Acromegaly is a complex disorder caused by growth hormone excess mostly due to a pituitary adenoma. Surgery represents the first option but rate of long time success is almost 50% thus the patients need other therapies. Apart from radiation, medical therapy panel includes previously used long-acting formulas of first-generation somatostatin analogues like ocreotide or lanreotide and, moreover, pasireotide LAR which is a recently introduced second-generation analogue. Non responders to prior medication, proved a good response to this as pointed by C2305 extension trial or PAOLA study. The rate of overresponse to pasireotide may be explained by a different receptor target: mostly on somatostatin receptor type 5 opposite to type 2 as it acts first-generation compounds. The tolerance of pasireotide LAR is good; the safety profile includes the awareness of hyperglycaemia risk.

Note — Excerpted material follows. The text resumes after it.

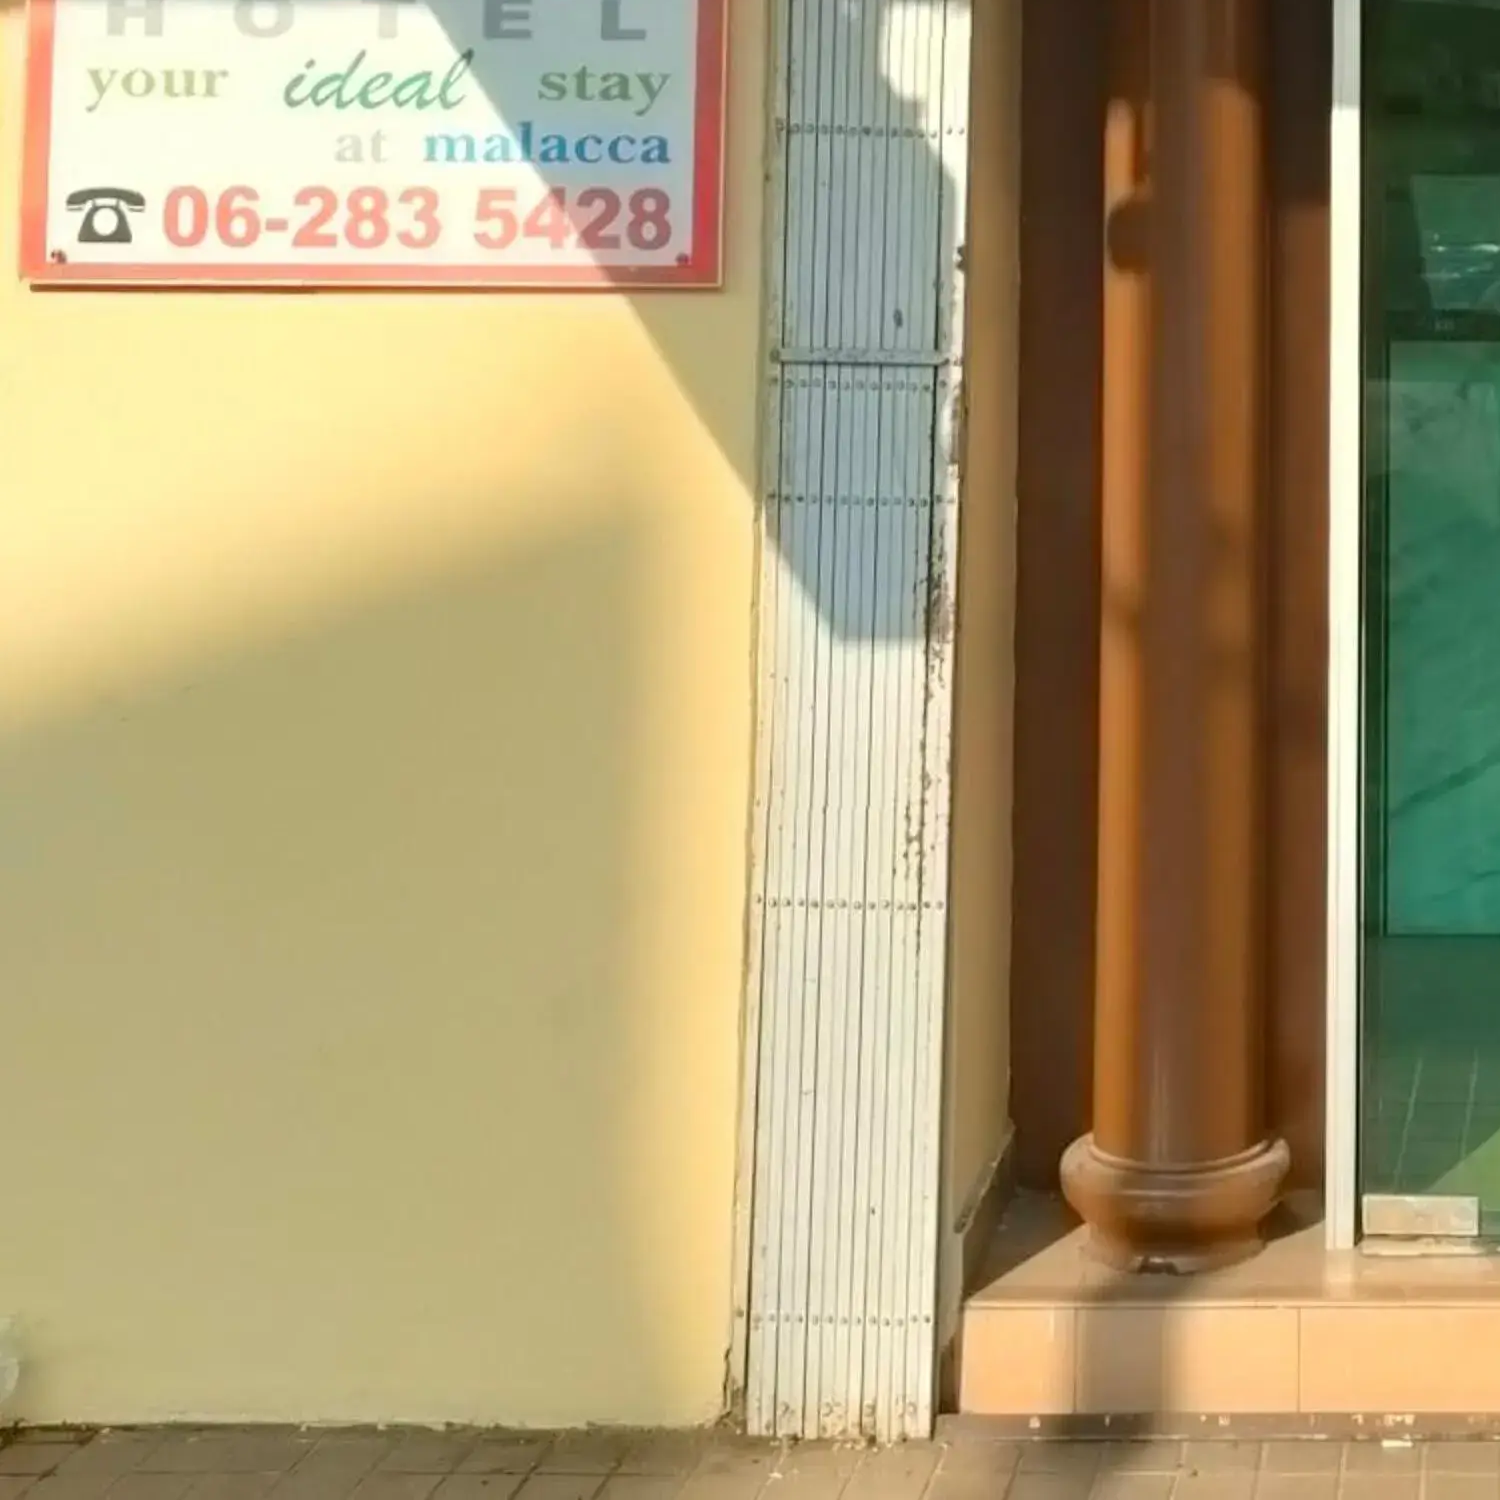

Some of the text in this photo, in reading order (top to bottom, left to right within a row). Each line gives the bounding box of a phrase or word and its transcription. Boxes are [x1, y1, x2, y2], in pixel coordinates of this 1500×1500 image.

The cross-road that follows the lack of acromegaly control after a patient was treated with somatostatin analogue of first generation is currently more complex since pasireotide LAR became a feasible option.
Key words: acromegaly, pasireotide LAR, pituitary gland, tumour, glycaemia.

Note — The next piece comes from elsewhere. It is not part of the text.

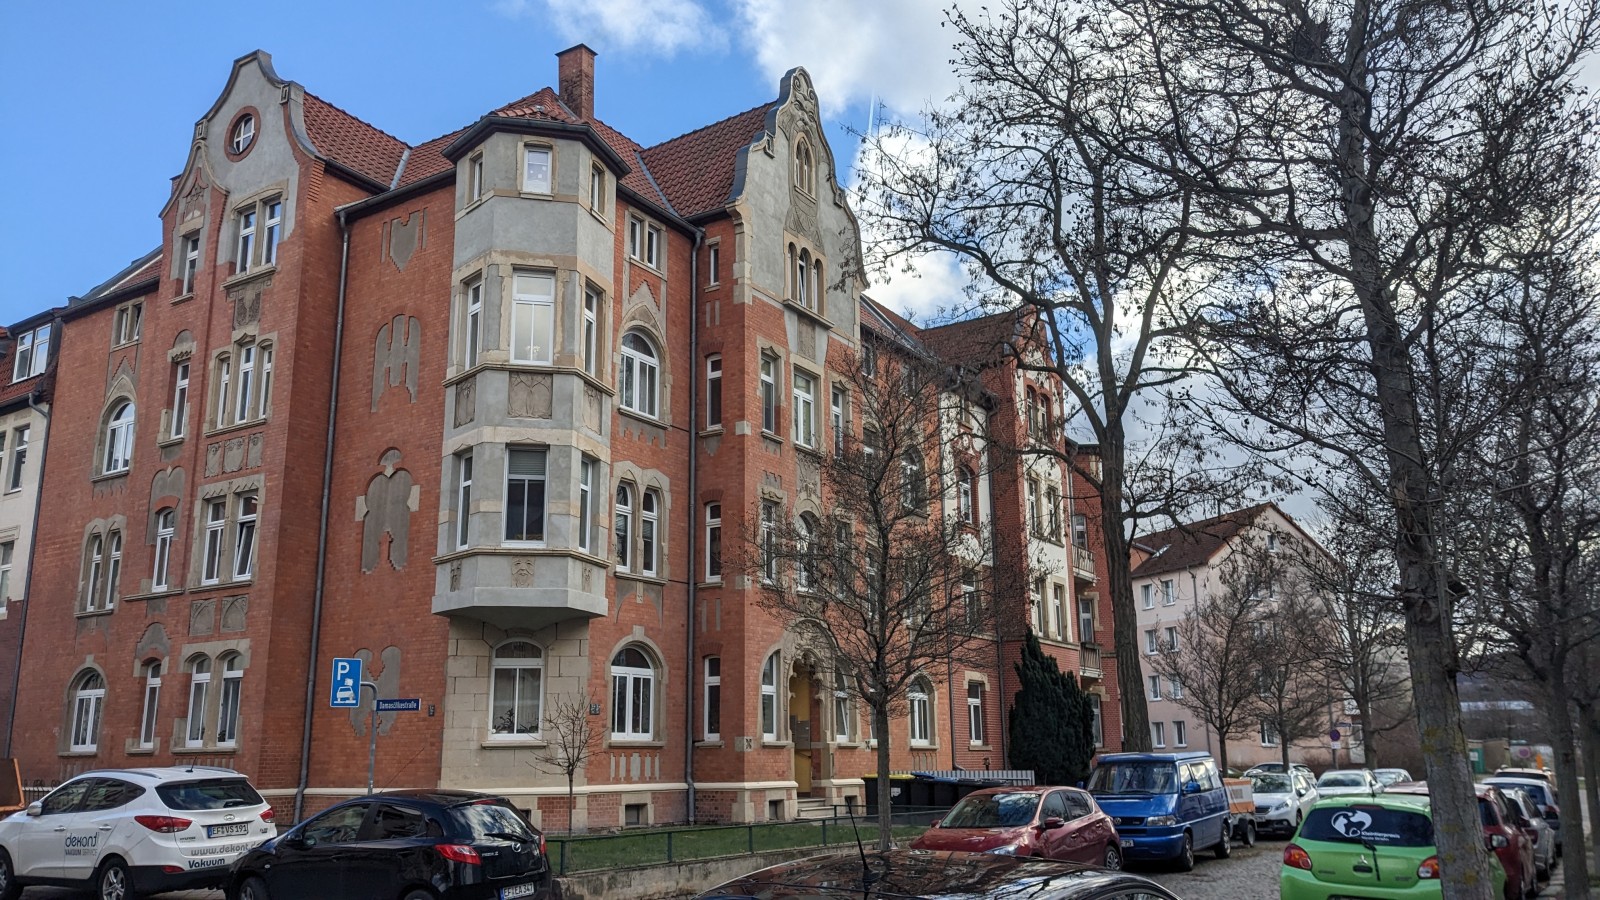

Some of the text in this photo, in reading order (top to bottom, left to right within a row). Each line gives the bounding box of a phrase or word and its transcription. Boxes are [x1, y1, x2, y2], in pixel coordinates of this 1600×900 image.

[337, 661, 350, 681] P
[212, 824, 247, 835] EF VS 191
[188, 858, 225, 869] Vakuum

EMA = European Medicines Agency
FDA = Food and Drug Administration
GH = Growth Hormone
IGF1 = Insulin-like Growth Factor
OGTT = Oral Glucose Tolerance Test
SSTR = Somatostatin Receptor
Acromegaly, a complex condition, caused in 95% of cases by a GH (Growth Hormone) secretor pituitary adenoma, includes metabolic, cardiovascular, and bone anomalies, as well as pituitary tumour-related syndrome due to large hypophyseal masses1-3. This particular complication impairs the growth and final height, and also adequate puberty-associated sexualisation, if the onset is early in life4,5. First-line therapy, as well as most of the pituitary secretor and non-secretor adenomas, except for prolactinomas, is pituitary surgery, but the rate of persistence or recurrence is relatively high.